As a mechanosensitive channel, PIEZO1 translates mechanical stretching of cardiomyocytes into Ca(2+) signaling, underpinning the Frank-Starling law. This mechanism contributes to compensatory responses in heart failure. However, the relationship between PIEZO1 mutations and the development of cardiomyopathy remains unclear. Acute heart failure complicated with severe myocardial iron deposition was identified in the 31-year-old male proband of PIEZO1(D669Y) variant. However, PIEZO1 gain-of-function (GOF) mutation D674Y mice and cardiomyocyte-specific Piezo1 overexpression disrupted cardiac function besides iron overload. Using single-cell RNA sequencing, we observed suppression of lipid metabolism pathways in cardiomyocytes with the PIEZO1 GOF mutation, with forkhead box O3 (FOXO3) as a key mediator in lipid metabolism pathways.

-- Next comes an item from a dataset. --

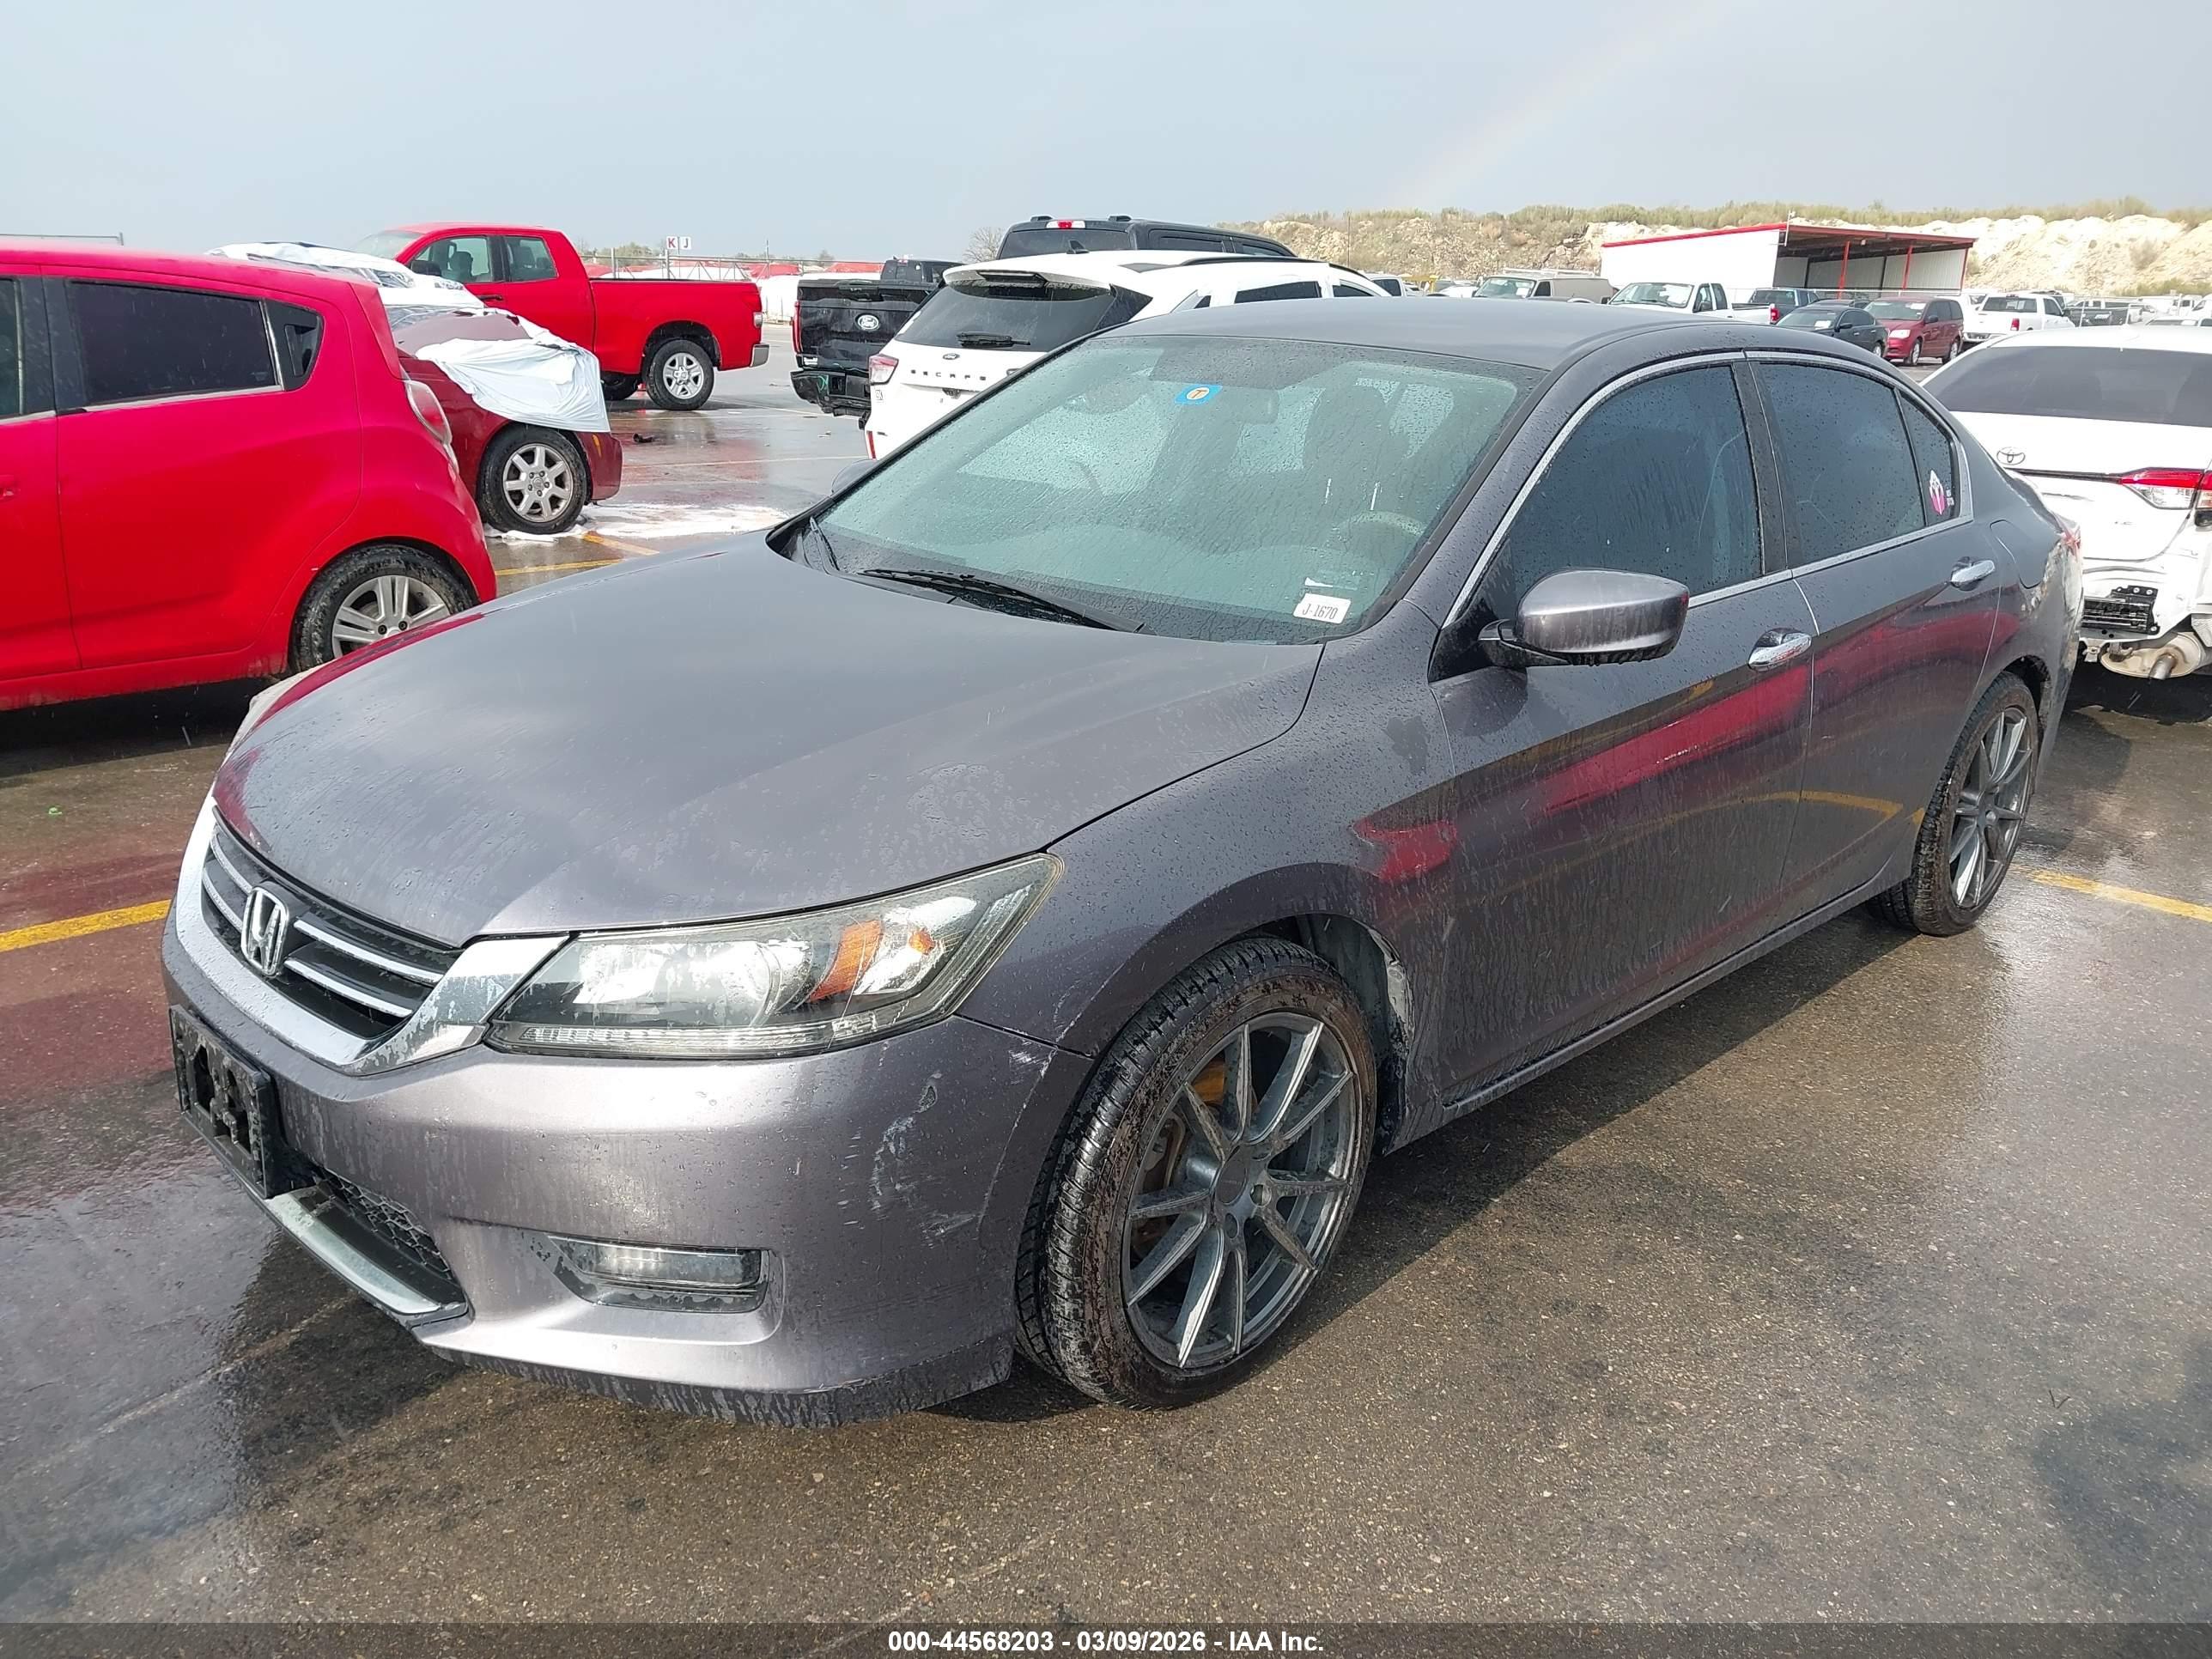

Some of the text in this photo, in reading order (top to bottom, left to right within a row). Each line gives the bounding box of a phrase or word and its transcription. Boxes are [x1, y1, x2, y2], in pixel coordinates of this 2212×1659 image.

[667, 237, 677, 248] K
[683, 237, 689, 248] J
[1302, 603, 1339, 620] J-1670

Specifically, the PIEZO1 GOF mutation increased Ca(2+) levels, leading to calcium- and calmodulin-dependent protein kinase II (CaMKII) activation and subsequent FOXO3 down-regulation. Together, we demonstrate that PIEZO1 GOF mutation contributes to cardiomyopathy by disrupting myocardial lipid metabolism. This study challenges the current clinical focus on iron-related mechanisms in cardiomyopathy and supports PIEZO1 as a potential candidate for future genetic screening for cardiomyopathy.